▶ **Records contained in a dataset**:
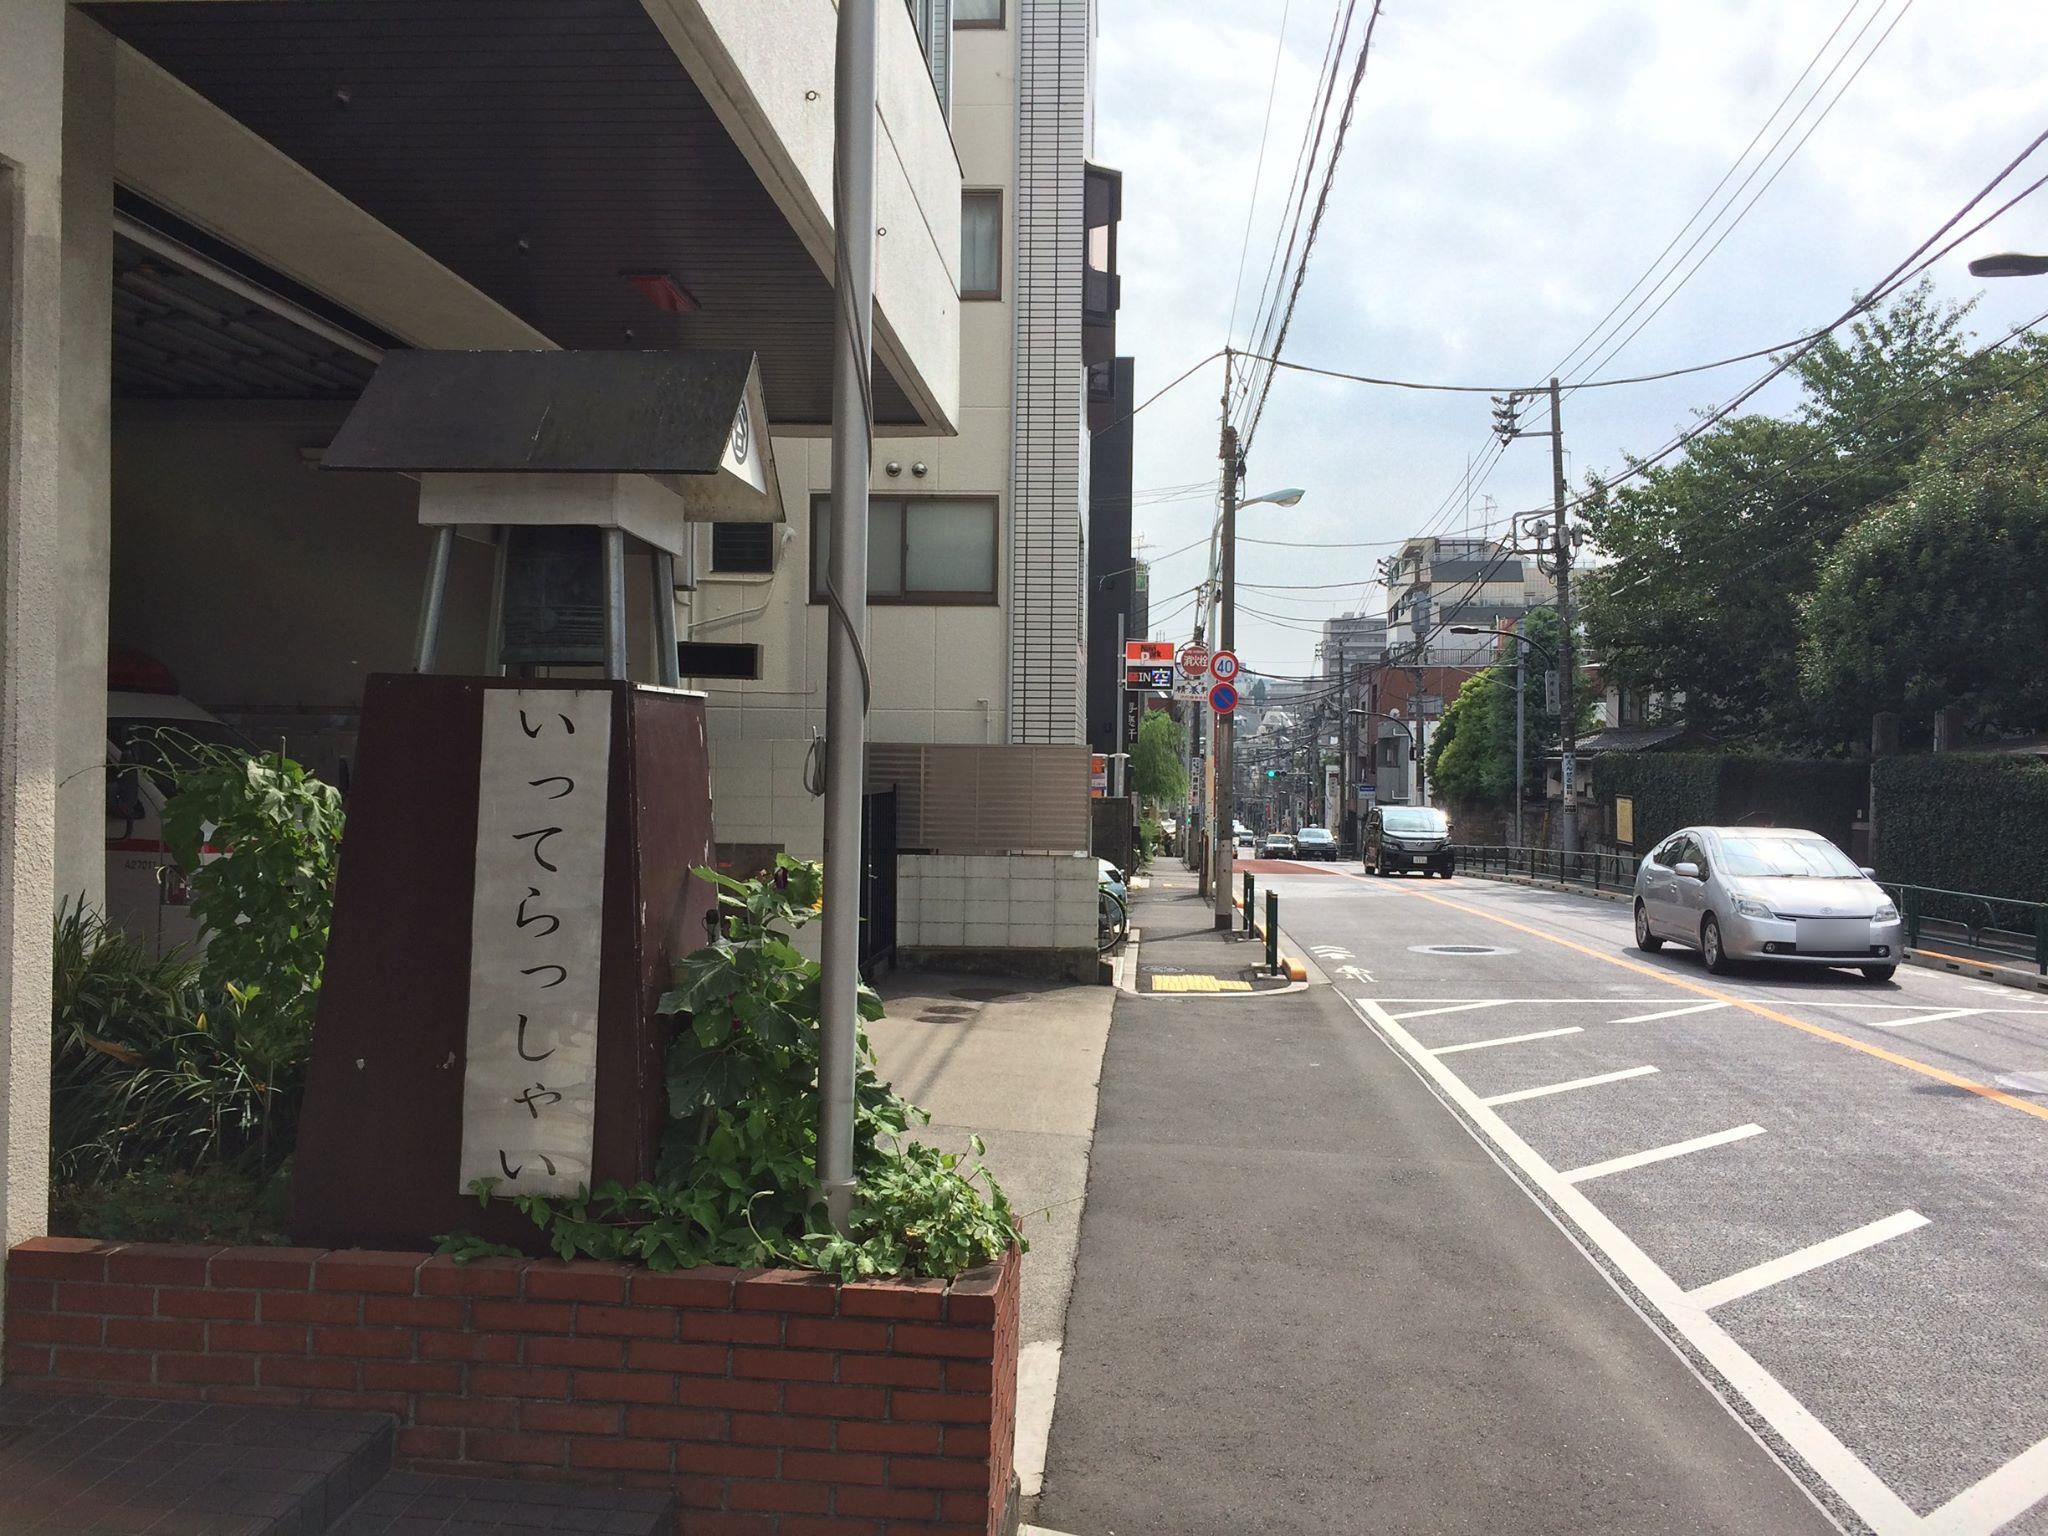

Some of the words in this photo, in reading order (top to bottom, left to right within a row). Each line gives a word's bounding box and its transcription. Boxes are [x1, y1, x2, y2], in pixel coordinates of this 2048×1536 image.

[1184, 655, 1208, 667] 消火栓
[1216, 659, 1233, 673] 40
[1138, 672, 1151, 682] IN
[1151, 668, 1171, 687] 空
[499, 709, 576, 1181] いってらっしゃい

▶ **Directions**:
Start at the first line and set down all of the data exactly, passing over the pictures.

▶ **Response for this exercise**:
Some of the words in this photo, in reading order (top to bottom, left to right within a row). Each line gives a word's bounding box and its transcription. Boxes are [x1, y1, x2, y2], in pixel coordinates of this 2048×1536 image.

[1184, 655, 1208, 667] 消火栓
[1216, 659, 1233, 673] 40
[1138, 672, 1151, 682] IN
[1151, 668, 1171, 687] 空
[499, 709, 576, 1181] いってらっしゃい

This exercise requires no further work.